In contrast to the employee in Heard, who could present no evidence of previous incidents or a propensity for violence, id. at 494 (2), Hardison testified that prior to this incident, he had complained about Tarver's aggressive behavior to Enterprise management -- a branch manager, an area manager, and an assistant mamager. He asserted that he and several other employees told a branch manager in December 2011 that while he and another employee were talking about " grandchildren purchasing toys, and the respect had been lost and various topics" while riding in a vehicle, Tarver " came out [of] the backseat screaming and yelling. She actually lurched over her seat of the ... van yelling and screaming" and cursing at the other employee. When the employees reached their destination and got out of the van, Tarver approached the employee she had argued with and tried to hit him. Another person stepped in and grabbed Tarver to separate the two. Hardison stated that he reported to the branch manager that Tarver was trying " to attack [the employee]." The branch manager deposed that he overheard Tarver and the employee arguing as they [331 Ga.App. 708] entered the office, but denied being told of " any type of physical movement" by Tarver toward the other employee.
The area manager deposed that he recalled being told by the branch manager of " a scuffle" between Tarver and the employee in the December 2011 incident, and that thereafter Tarver was taken off work, but gave no testimony that he was aware of any other confrontations involving Tarver, verbal or physical.
Hardison also testified that he reported to an assistant manager details of an incident in February 2012 involving Tarver in which she yelled at another employee who said " what's that smell" as he got into a van with her and other employees. The employee explained to Tarver that his comment was not directed at her, but Tarver and the employee " exchange[d] ... words" during the half-hour drive. When the employees arrived at their destination, Tarver " continued to yell and scream" at the employee who made the comment and " aggressively [l]urch[ed] towards him." Hardison testified he told the assistant manager that after they arrived in the parking lot, " Tarver was approaching [the employee] in an angry manner."
While the area manager and branch manager maintained that they were not told of Tarver's attempts to engage in physical confrontations with other employees, Hardison presented some testimony creating an issue of fact with regard to Enterprise's knowledge of these acts. Hardison testified that he informed a branch manager and an assistant manager of Tarver's physical aggression toward one employee and her attempt to attack another employee. In the face of some evidence that Enterprise was aware of Tarver's propensity to engage in verbal confrontations and of her attempts to engage in physical confrontations, the grant of summary judgment was inappropriate and the issue of Enterprise's knowledge is for a jury's determination. See, e.g., Tecumseh Products Co. v.
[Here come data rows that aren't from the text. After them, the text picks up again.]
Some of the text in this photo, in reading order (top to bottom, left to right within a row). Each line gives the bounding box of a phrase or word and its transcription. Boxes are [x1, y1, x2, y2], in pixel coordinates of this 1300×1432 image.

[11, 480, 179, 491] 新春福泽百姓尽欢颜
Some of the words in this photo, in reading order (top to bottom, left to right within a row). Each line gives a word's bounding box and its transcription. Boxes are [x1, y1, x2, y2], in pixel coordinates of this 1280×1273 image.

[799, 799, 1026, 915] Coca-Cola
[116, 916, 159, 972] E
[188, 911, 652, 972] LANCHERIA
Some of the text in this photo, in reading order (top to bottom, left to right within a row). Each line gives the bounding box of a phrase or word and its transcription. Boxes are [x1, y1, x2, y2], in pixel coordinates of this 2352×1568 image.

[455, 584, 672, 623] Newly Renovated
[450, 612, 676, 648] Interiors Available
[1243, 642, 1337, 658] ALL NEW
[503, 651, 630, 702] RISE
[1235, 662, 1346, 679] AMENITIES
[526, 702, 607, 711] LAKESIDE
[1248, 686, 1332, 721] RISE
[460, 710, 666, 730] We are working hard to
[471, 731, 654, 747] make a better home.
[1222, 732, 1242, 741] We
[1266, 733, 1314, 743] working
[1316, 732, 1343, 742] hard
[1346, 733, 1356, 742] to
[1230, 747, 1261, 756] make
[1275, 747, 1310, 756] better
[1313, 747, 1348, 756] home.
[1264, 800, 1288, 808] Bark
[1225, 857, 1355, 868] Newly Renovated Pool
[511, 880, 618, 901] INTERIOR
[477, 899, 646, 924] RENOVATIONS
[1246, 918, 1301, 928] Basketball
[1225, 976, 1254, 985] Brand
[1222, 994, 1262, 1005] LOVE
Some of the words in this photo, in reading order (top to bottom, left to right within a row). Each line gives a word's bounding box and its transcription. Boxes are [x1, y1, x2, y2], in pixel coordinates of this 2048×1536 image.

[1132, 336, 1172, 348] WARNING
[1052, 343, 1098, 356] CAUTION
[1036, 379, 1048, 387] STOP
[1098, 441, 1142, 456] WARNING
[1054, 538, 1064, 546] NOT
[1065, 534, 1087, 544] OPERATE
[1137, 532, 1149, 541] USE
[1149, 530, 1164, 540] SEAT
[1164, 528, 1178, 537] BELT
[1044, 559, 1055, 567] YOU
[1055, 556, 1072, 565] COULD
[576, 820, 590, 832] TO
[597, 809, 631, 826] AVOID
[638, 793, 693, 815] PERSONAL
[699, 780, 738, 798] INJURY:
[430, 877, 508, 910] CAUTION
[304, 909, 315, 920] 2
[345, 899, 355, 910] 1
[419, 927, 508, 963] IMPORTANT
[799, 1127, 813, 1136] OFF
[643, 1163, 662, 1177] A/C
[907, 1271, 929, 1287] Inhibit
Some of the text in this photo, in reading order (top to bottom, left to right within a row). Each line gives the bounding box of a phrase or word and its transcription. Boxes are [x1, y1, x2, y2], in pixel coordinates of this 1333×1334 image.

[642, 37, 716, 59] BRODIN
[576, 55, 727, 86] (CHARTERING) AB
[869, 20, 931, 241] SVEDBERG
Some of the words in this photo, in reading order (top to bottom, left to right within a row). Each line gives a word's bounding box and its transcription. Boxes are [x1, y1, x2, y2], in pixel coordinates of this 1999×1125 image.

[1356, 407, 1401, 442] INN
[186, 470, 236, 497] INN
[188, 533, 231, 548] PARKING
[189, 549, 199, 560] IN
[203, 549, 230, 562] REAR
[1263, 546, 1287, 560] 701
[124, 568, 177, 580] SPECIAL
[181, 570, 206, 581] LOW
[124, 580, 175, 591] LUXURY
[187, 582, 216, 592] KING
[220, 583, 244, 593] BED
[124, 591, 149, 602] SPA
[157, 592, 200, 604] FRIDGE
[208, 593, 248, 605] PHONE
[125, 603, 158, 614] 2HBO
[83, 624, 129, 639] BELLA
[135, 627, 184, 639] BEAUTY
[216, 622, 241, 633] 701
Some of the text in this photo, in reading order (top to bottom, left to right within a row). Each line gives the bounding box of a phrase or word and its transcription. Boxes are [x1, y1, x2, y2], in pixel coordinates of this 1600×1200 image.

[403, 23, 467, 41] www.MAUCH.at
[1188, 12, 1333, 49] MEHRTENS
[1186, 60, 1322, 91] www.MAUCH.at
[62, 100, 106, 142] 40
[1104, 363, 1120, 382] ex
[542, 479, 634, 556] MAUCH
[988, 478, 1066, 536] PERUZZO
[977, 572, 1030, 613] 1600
Rigdon, 250 Ga.App. 739, 742-743 (1) (552 S.E.2d 910) (2001) (evidence demonstrated employer had actual and constructive knowledge of employee's propensity to
lose temper and become violent); compare Ga. Messenger Svc. v. Bradley, 302 Ga.App. 247, 250 (2) (a) (690 S.E.2d 888) (2010) (no evidence that employer knew of employee's dangerous propensities). We therefore reverse.
Barnes, P. J., and Branch, J., concur.